Old Joe flung his opponent into the dip and turned to the group of hikers,
“Oh, her’s a-learnin’ how to fly is that ‘un”.

Joe was regarded as a master vermin catcher. Moles, stouts, squirrels, jays and especially rats all fell victim to his guns and snares. So one day when the farmer’s wife saw a large rat cross the farmyard and enter the barn where the corn bins were kept, Joe was sent for.

He didn’t rush the job, approaching it in a cold, calculated way. He closely observed the farmyard and corn bins and found that it was just one rat that was raiding them. What was more, it had a regular routine for venturing out for its meal from the bins. At the appointed time one day, Joe was ready with his ‘rattin’ gun. This was a battered old piece, akin to ancient blunderbuss. The rat crossed the yard and entered the barn. Joe left his hiding place in the milk-parlour and stalked after it. He too entered the barn and seconds later there was a tremendous explosion. Joe had let fly at the rat as it was inside one of the bins and the report from the old gun sounded like a howitzer. He appeared from out of the barn in a cloud of smoke, coughing and spluttering.
“Have you shot the rat, Joe?” asked the farmer’s wife.
“Well no, but I bet I’ve frightened the bugger!” was his reply.

Joel Ollenshaw managed to get a living from Stoke Farm, thanks mainly to the milk subsidy he received. He had just one farmhand, Willis plus the help from his wife. Joel kept things pretty well organized on the farm, until the time that is of a full moon. He would then turn a bit odd and you had to keep an eye on him.

When he was under the influence of the moon he got obsessed with the idea that the war was still on and that the Germans were landing. He also used to claim that his wife, Sarah, was poisoning him. This was partially true, since the doctor had given her some strong pills to administer to Joel to calm him down. He would refuse to take them and she had to try and slip them into his food without his noticing, but this did not always work.

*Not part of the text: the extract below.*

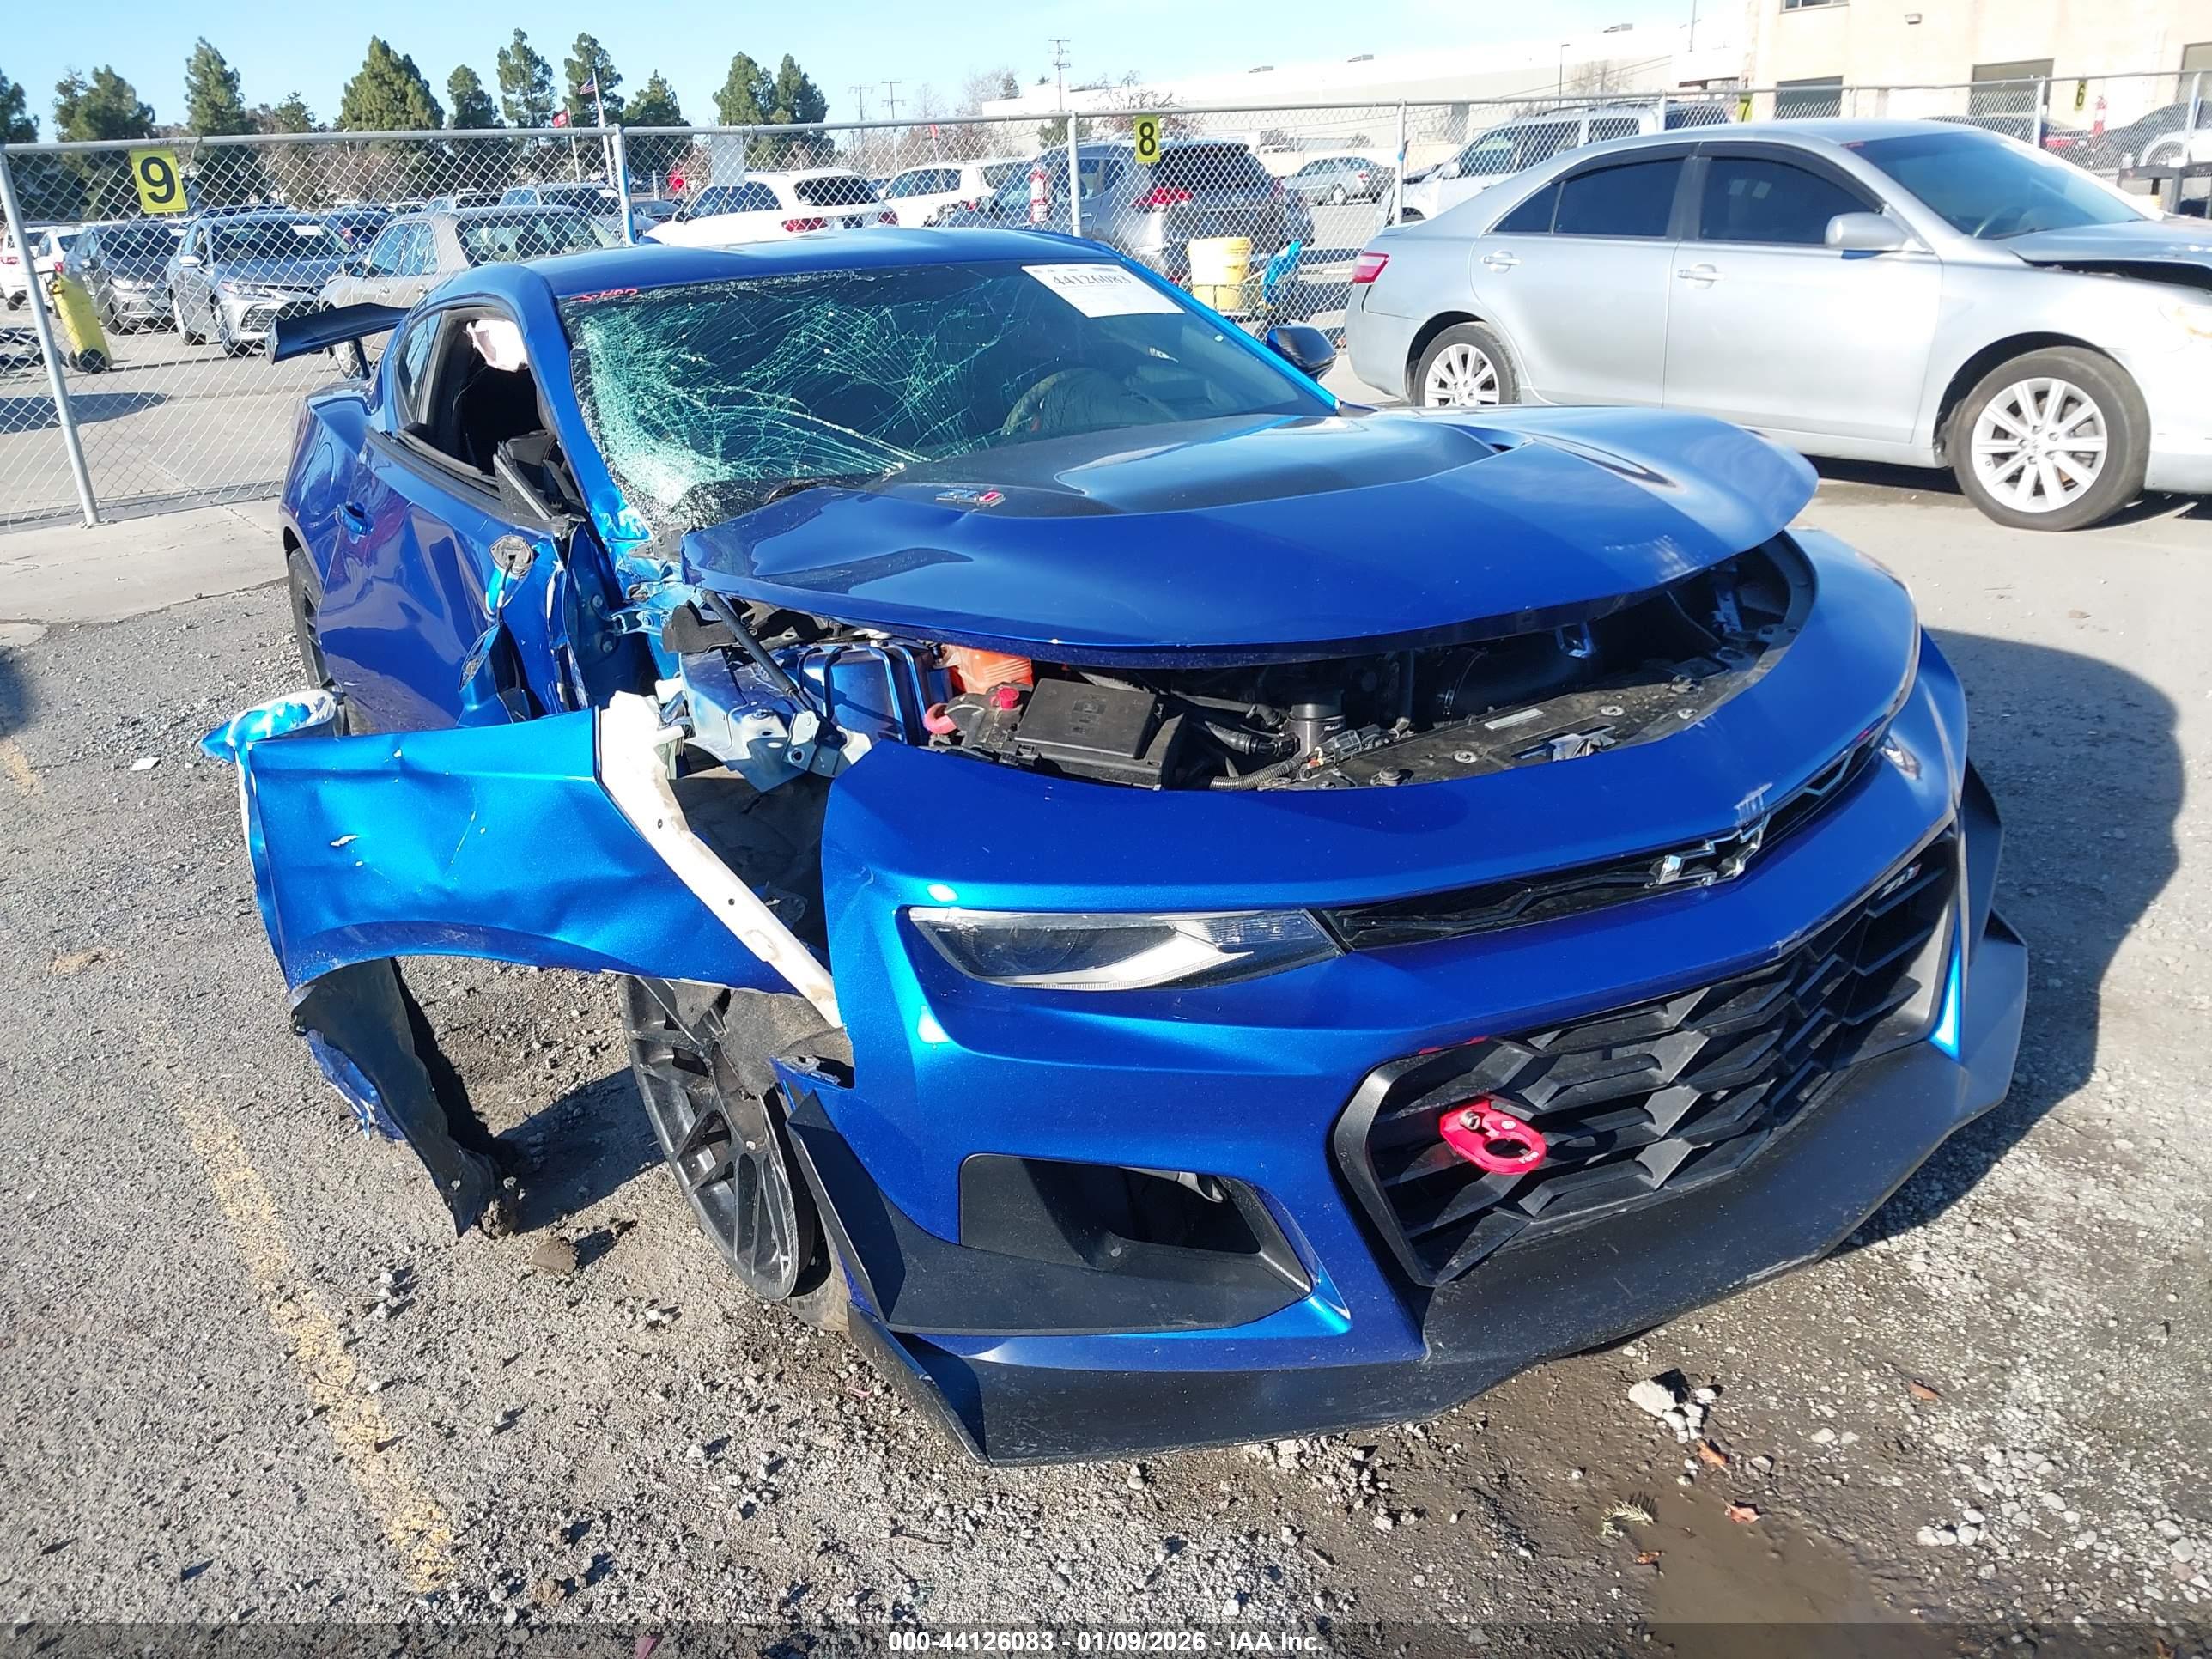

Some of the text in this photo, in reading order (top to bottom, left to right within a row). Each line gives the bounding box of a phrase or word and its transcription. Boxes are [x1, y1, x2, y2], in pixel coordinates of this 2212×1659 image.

Joel’s neighbours up Stoke would sometimes be woken in the middle of the night when the moon was full by the sounds of a large empty oil drum being beaten with a hammer. This would be accompanied with loud shouting, “Wek Up! Wek Up! Bloody Jerries is ‘ere. Get thee guns out! Let’s get at the sods! Wek Up! Wek Up!”

One day things got a bit awkward with Joel, when he came tearing down the village on his grey Fergie tractor and pulled up outside our shop. He must have just finished a spell of muck-spreading, for both himself and the tractor were plastered in it. As he came into the shop the smell preceded him by about six paces! What frightened my wife was that he had his twelve-bore shotgun under his arm. He also had that wild-eyed look which signified that it was the time of the full moon.

The two or three customers that were in the shop beat a hasty retreat, as did our two female shop assistants. I was out delivering orders, so it was left to Elsie to deal with the potentially explosive situation. She said, “Now then Joel, what can I get for you today?” in as calm and placatory voice as she could.
“Get fer me? Get fer me? It’s my ruddy Missus tha’ can get fer me. Where is she?”

He slowly lifted the shotgun up to counter level. He leaned forward in a conspiratorial manner.
“’Er’s been tryin’ ter poison me she ‘as. Is it summat as she’s gotten from ‘ere? Wot’s she been getting’, rat poison?”

With great tact, patience and no small amount of courage, Elsie gradually talked him round the subject of the poison and managed to calm him down. She got him to return to the farm, without his gun, while one of our girls managed to get a message to me to return at once to the shop. I went straight up to Stoke to see if Joel had returned home and that all was well. I then found out from his wife that she had succeeded in slipping him two of the pills and he had flown into the fury before they could take effect. By the time he got home though, he was as calm as a mouse and she had put him to bed to get over the ordeal.